Warum steht ausgerechnet in Bulgarien eines der wenigen Weinmuseen der Welt? Ganz einfach, weil unsere Landen übersät sind mit Zeugnissen der altertümlichen Geschichte dieses zauberhaften Trankes. In der Antike waren die Thraker für ihre hervorragenden Weine berühmt. In seiner Ilias erzählt Homer, wie weinbeladene Schiffe aus Thrakien nahe dem griechischen Lager vor den Toren von Troja anlegten. Auch Aristoteles erwähnt im IV. Jahrhundert v. Chr. die legendären Weine aus Thrakien, die so dickflüssig gewesen seien, dass man sie mit Wasser habe verdünnen müssen. Übrigens tranken in der Antike nur die Thraker unverdünnten Wein. Für sie war der Wein heilig. Der erste bekannte Weingott namens Zagrej, der auch als Sonnengott verehrt wurde, stammt namentlich aus dem thrakischen Pantheon.

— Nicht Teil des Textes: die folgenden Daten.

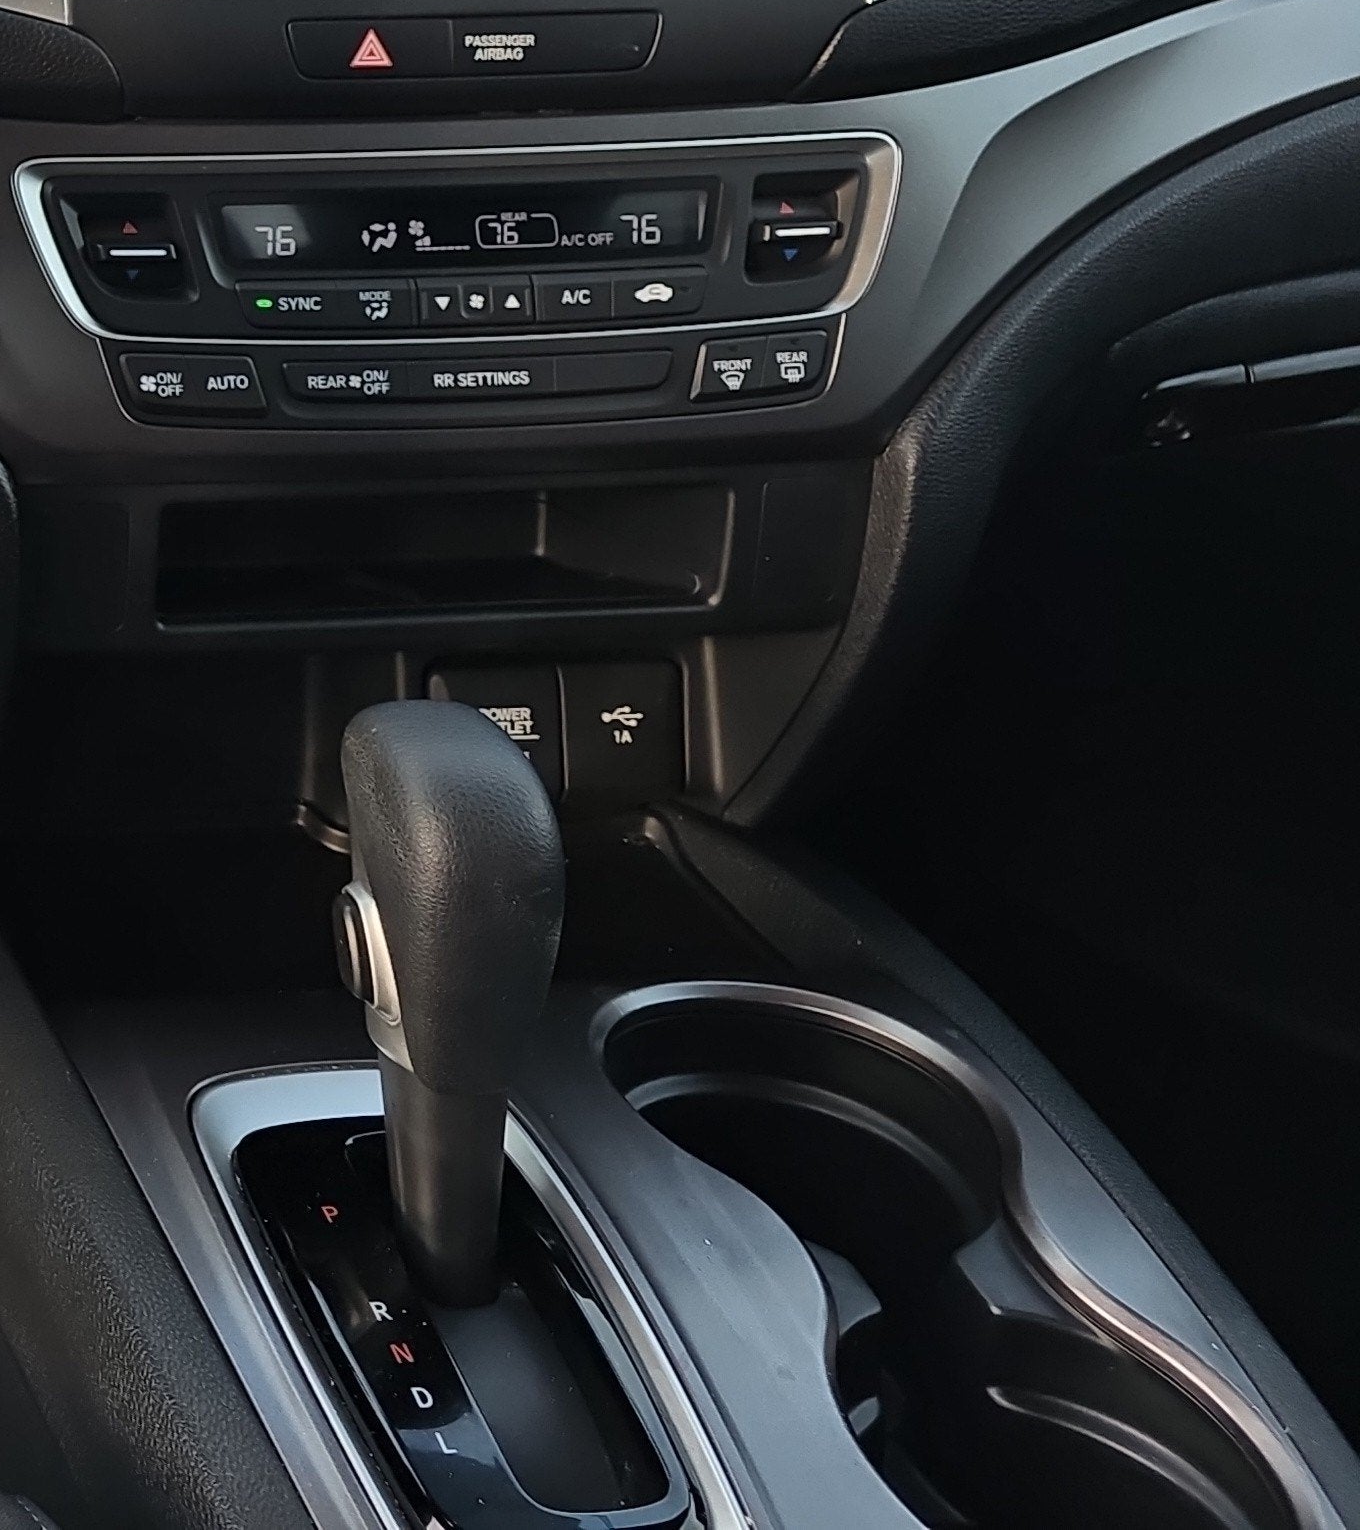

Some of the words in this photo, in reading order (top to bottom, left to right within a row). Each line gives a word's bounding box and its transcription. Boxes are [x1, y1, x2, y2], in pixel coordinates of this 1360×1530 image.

[464, 34, 535, 48] PASSENGER
[474, 47, 524, 61] AIRBAG
[500, 212, 528, 221] REAR
[488, 222, 519, 245] 76
[619, 214, 661, 245] 76
[254, 225, 296, 256] 76
[560, 233, 585, 247] A/C
[587, 232, 614, 246] OFF
[358, 291, 392, 302] MODE
[561, 290, 591, 304] A/C
[277, 297, 322, 311] SYNC
[775, 351, 808, 363] REAR
[712, 359, 752, 372] FRONT
[206, 375, 249, 390] AUTO
[307, 375, 346, 389] REAR
[433, 373, 455, 388] RR
[457, 371, 530, 387] SETTINGS
[157, 384, 183, 397] OFF
[363, 382, 390, 395] OFF
[613, 730, 633, 744] 1A
[320, 1205, 339, 1224] P
[368, 1301, 393, 1322] R
[389, 1343, 415, 1364] N
[410, 1387, 434, 1409] D
[435, 1432, 458, 1455] L

„Im Grunde genommen kommt dem Wein in der thrakischen Kultur und Religion ein zentraler Stellenwert zu – erzählt die Chefin des Plewener Weinmuseums Tanja Nikolowa. -Der erste Weingott war der thrakische Zagrej, auch wenn seine Nachfolger Dionysos und Bacchus um etliches bekannter sind. Ihre Becher leerend, glaubten die Thraker, der Weingott vergnüge sich in ihrer Seele, weswegen sie glücklich seien und zu singen und tanzen begännen. Ihr Elixier tranken sie aus herrlichen Gefäßen. Auch sind die Thraker die Pioniere der Assemblage, d.h. des Mischens verschiedener Weine. Davon zeugt der Goldschatz von Waltschitran, der u. a ein dreiteiliges Gefäß aus blattförmigen Schalen enthält, die offensichtlich mit verschiedenen Weinen gefüllt wurden. In diesem Gefäß wurde bei kultischen Zeremonien wahrscheinlich der Trank kredenzt. Die gesamte thrakische Kultur drehte sich um den Wein, weswegen es undenkbar ist, über die Thraker zu sprechen ohne dabei auf den Wein zu kommen.“

Unzählige kunstvolle Weingefäße, meist aus Silber und Gold, wurden in den zahlreichen Thrakergräbern unserer Breiten freigelegt. Der bekannteste Fund ist der Goldschatz von Panagjurischte, der über 20 Jahrhunderte im Boden schlummerte. Die Verbundenheit und das Geschick der thrakischen Winzer wurde an die Slawen und Protobulgaren weitergegeben, die gemeinsam mit den Thrakern das bulgarische Ethnos formieren. Von der weiten Verbreitung des Weines im Mittelalter kunden die berüchtigten Gesetze von Khan Krum, die u.a. schwere Strafen für Trunkenheit vorsahen. Eine interessante Tatsache ist, dass im Mittelalter die Fähigkeit zur langfristigen Weinlagerung verloren ging. Häufig wurde der Wein sauer, weswegen Jungweine teuerer waren als Lagerweine, behaupten die Historiker. Auch während der osmanischen Fremdherrschaft (Ende 14.- 19. Jahrhundert) pflegten die Bulgaren ihre Winzer- und Weinbautraditionen. Das ist u.a. darauf zurückzuführen, dass es ihnen gelang, ihre Religion zu wahren, in der der Wein ein wichtiges Symbol für das vergossene Blut Christi ist. Nach der Befreiung Bulgariens vom osmanischen Joch erleben die bulgarischen Weinbautraditionen einen erneuten Aufschwung. Neue moderne Technologien aus Westeuropa halten Einzug.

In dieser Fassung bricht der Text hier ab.